Located in the heart of Charlotte, North Carolina Wing Haven provides a natural oasis for reflection and study of its three public gardens. Wing Haven Garden & Bird Sanctuary is rich in Southern horticulture and a habitat for birds and wildlife. The Elizabeth Lawrence House & Garden is the site of a world-renowned garden writer’s living laboratory. The new SEED Wildlife & Children’s Gardens provide hands-on exploratory learning and a natural habitat for local wildlife. Together, these gardens welcome visitors of all ages to discover and learn. Wing Haven also offers more than 40 programs and special events each year. 
Operated by the 501(C)(3) Wing Haven Foundation of Charlotte, NC.

History 
Wing Haven Garden & Bird Sanctuary was begun in 1927 by Elizabeth and Edwin Clarkson. In 1971, they donated the garden and house to the Wing Haven Foundation. The Clarksons remained in the home until 1988. Wing Haven's original Clarkson Garden is the Charlotte area's only designated garden and bird sanctuary listed as a local historic landmark by the Charlotte-Mecklenburg Historic Landmark Commission, certified as Wildlife Habitat by the National Wildlife Federation and named an eBird hotspot by the Cornell Lab of Ornithology and the National Audubon Society.

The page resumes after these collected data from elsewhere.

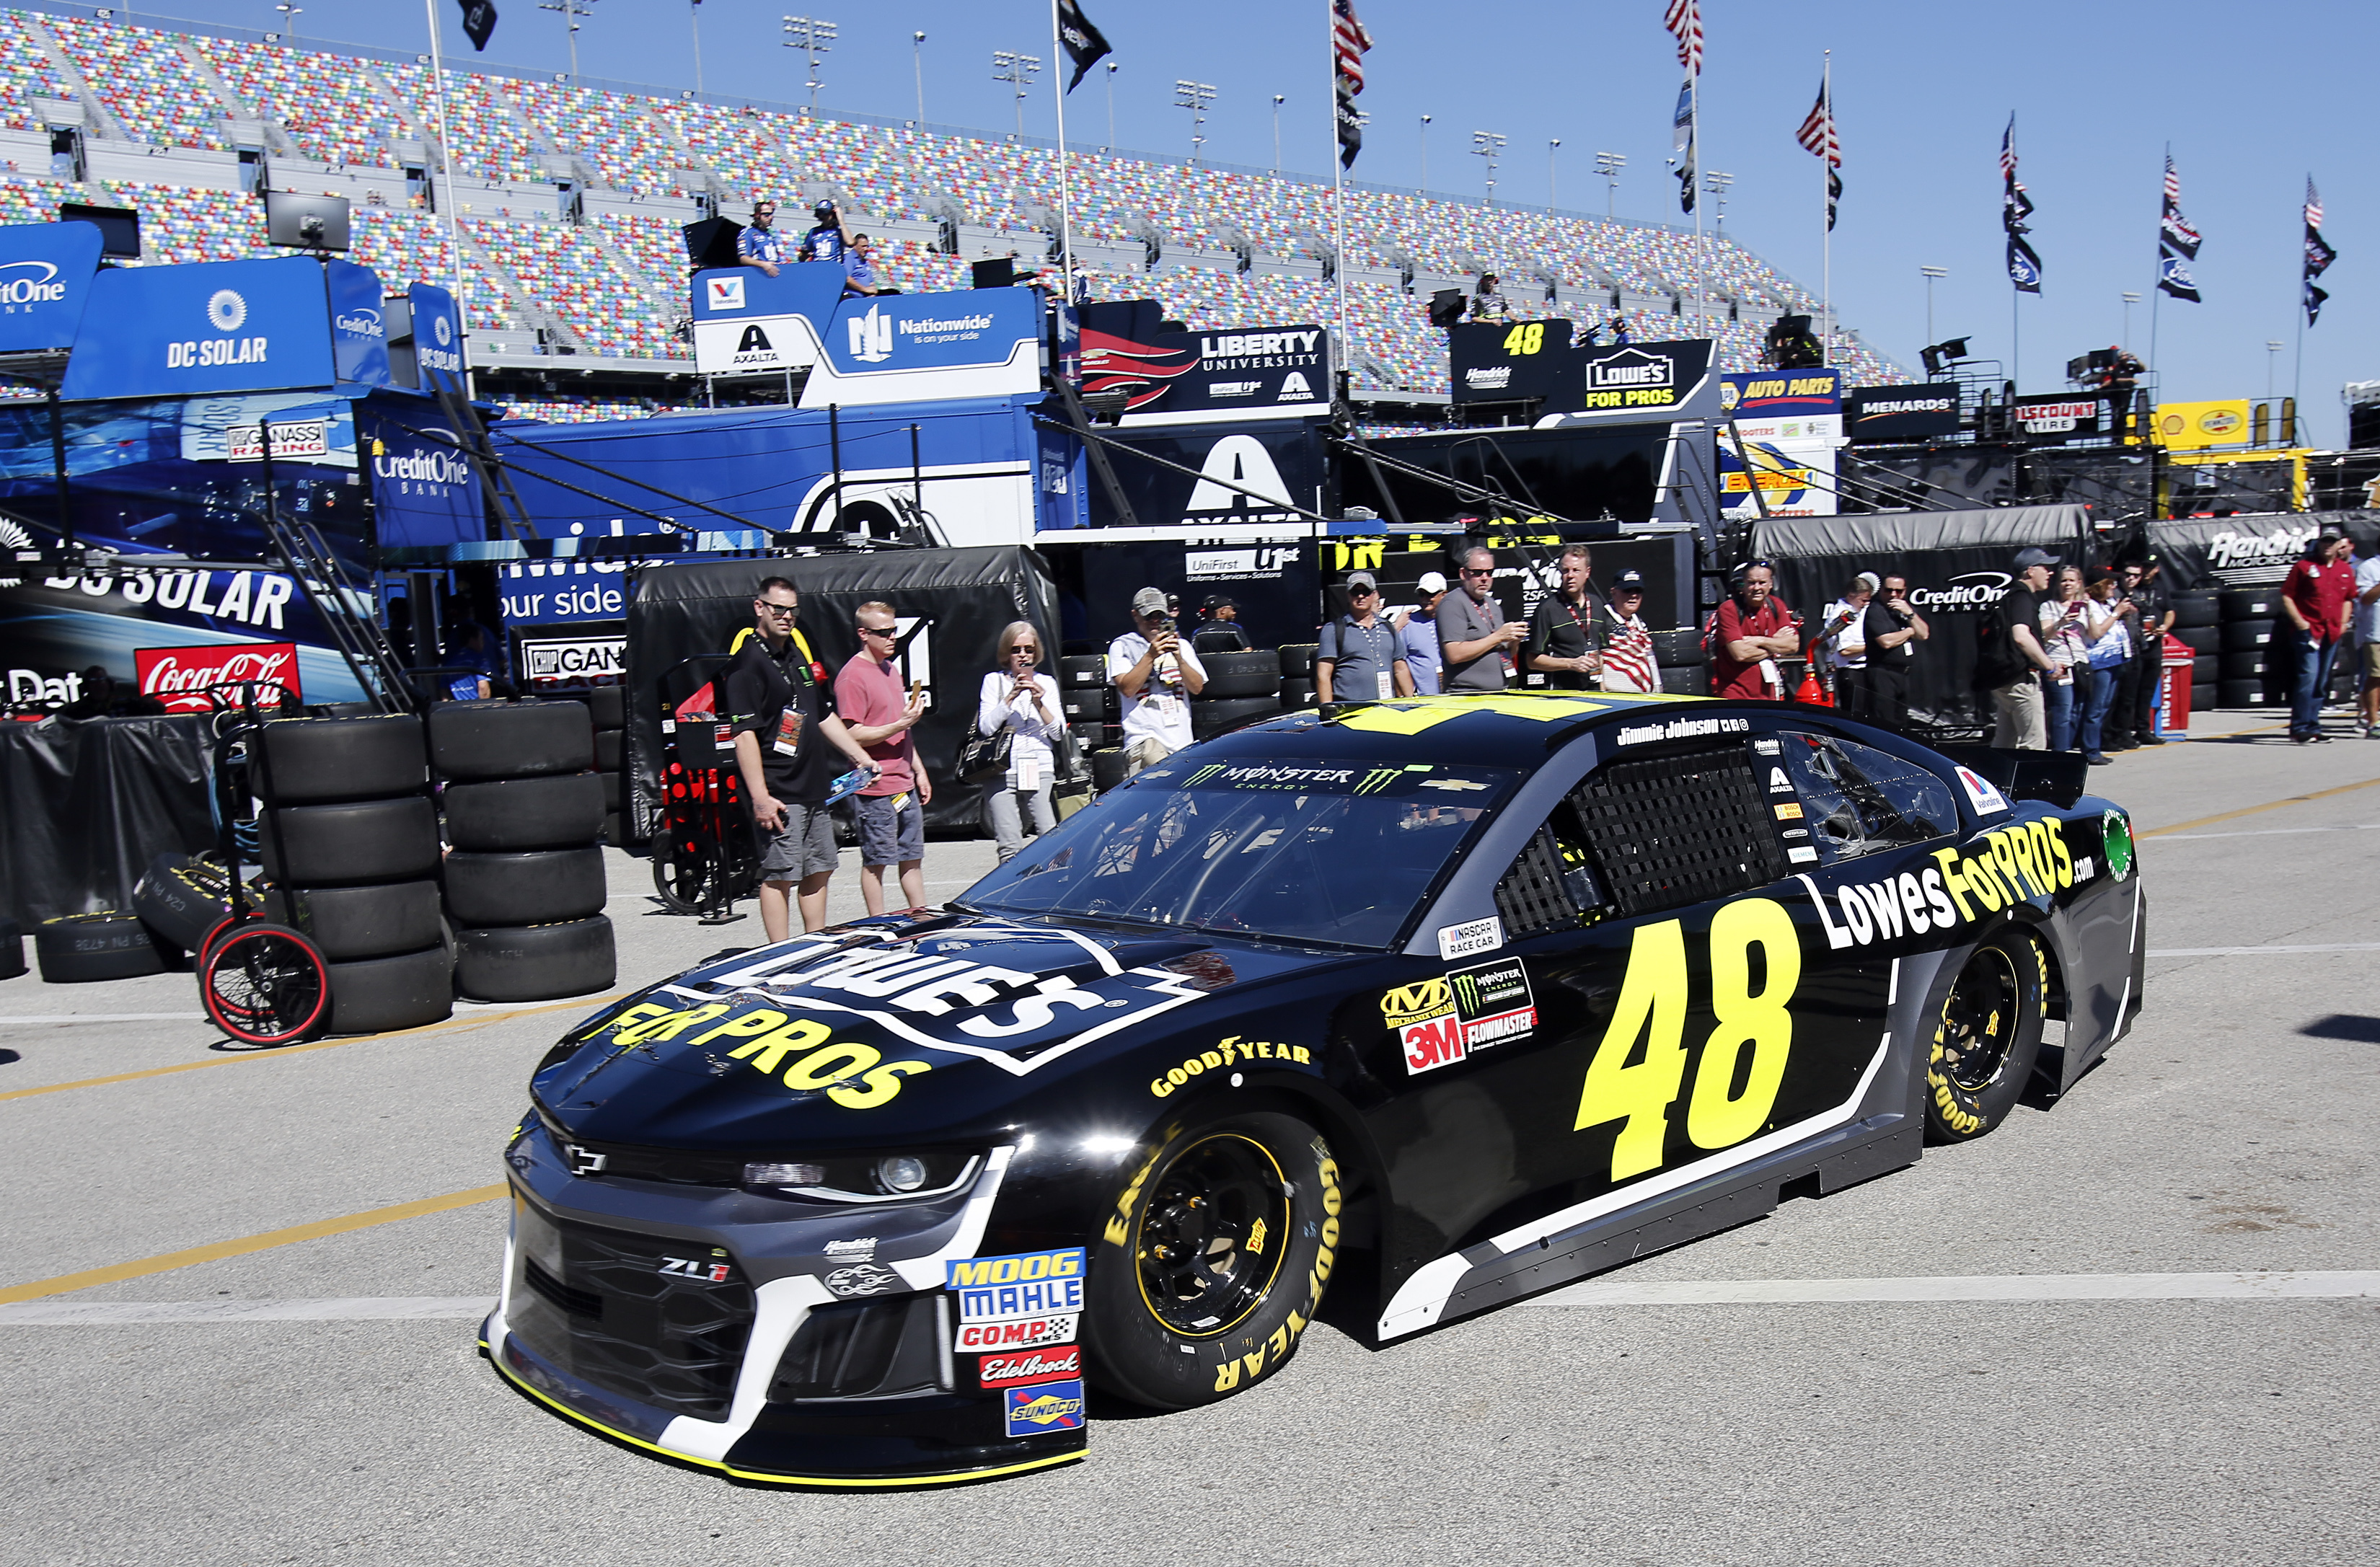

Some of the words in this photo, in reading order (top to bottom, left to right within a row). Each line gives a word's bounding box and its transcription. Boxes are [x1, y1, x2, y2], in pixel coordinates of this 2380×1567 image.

[899, 314, 991, 335] Nationwide
[914, 335, 922, 344] is
[938, 332, 958, 344] your
[960, 330, 979, 341] side
[1201, 330, 1320, 358] LIBERTY
[1503, 323, 1545, 356] 48
[167, 341, 197, 368] DC
[198, 337, 268, 366] SOLAR
[433, 349, 459, 372] SOLAR
[733, 353, 780, 363] AXALTA
[1202, 354, 1318, 371] UNIVERSITY
[1466, 366, 1512, 383] Hendrick
[1595, 362, 1667, 385] LOWE'S
[1277, 392, 1315, 402] AXALTA
[1587, 392, 1622, 407] FOR
[1626, 388, 1675, 406] PROS
[1742, 380, 1786, 399] AUTO
[1787, 376, 1835, 396] PARTS
[1862, 398, 1950, 414] MENARDS
[2032, 420, 2069, 431] TIRE
[401, 482, 450, 498] BANK
[1192, 560, 1240, 571] UniFirst
[555, 582, 623, 615] side
[1617, 724, 1665, 746] Jimmie
[1665, 718, 1719, 740] Johnson
[1755, 738, 1779, 751] Hendrick
[1770, 785, 1794, 794] AXALTA
[1975, 797, 2001, 809] Valvoline
[2103, 808, 2130, 838] AMERICAN
[1791, 849, 1815, 859] SIEMENS
[2108, 855, 2132, 883] ETHANOL
[1458, 922, 1492, 942] NASCAR
[1450, 939, 1473, 955] RACE
[1476, 936, 1494, 948] CAR
[1486, 981, 1517, 992] ENERGY
[1431, 1001, 1456, 1018] WEAR
[1467, 1011, 1533, 1053] FLOWMASTER
[1574, 897, 1802, 1183] 48
[1406, 1017, 1463, 1069] 3M
[580, 1003, 731, 1049] FOR
[687, 1009, 933, 1110] PROS
[658, 1257, 731, 1282] ZL1
[951, 1251, 1081, 1286] MOOG
[964, 1280, 1080, 1317] MAHLE
[964, 1321, 1046, 1346] COMP
[1021, 1333, 1062, 1346] CAMS
[980, 1351, 1080, 1382] Edelbrock
[1015, 1399, 1079, 1419] SUNOCO

There have been over 150 species of birds sighted at the property over the years. Elizabeth Clarkson helped establish the Mecklenburg County Audubon Society.

In 2008, Wing Haven purchased the Elizabeth Lawrence House & Garden at 348 Ridgewood Avenue. Noted author and landscape architect Elizabeth Lawrence lived in the home when she moved to Charlotte. The house and garden is listed on the National Register of Historic Places, in the Smithsonian Institution's Archives of American Gardens, as 1 of only 15 Preservation Partner Gardens of the Garden Conservancy, and is also designated as a historic site by the Charlotte-Mecklenburg Landmarks Commission. Today, with the long-ago loss of Elizabeth Lawrence's Raleigh garden and the demolition in 2004 of the house in North Carolina's capital which was her home from 1916 to 1948, her house and garden at 348 Ridgewood Avenue is the single property associated with her long and important career as a plantswoman and writer. Her home and garden from 1949 to 1984 holds significance in the history of Charlotte, the state, and the nation. (Davyd Foard Hood, Charlotte Mecklenburg Historic Preservation Report 30 June 2005)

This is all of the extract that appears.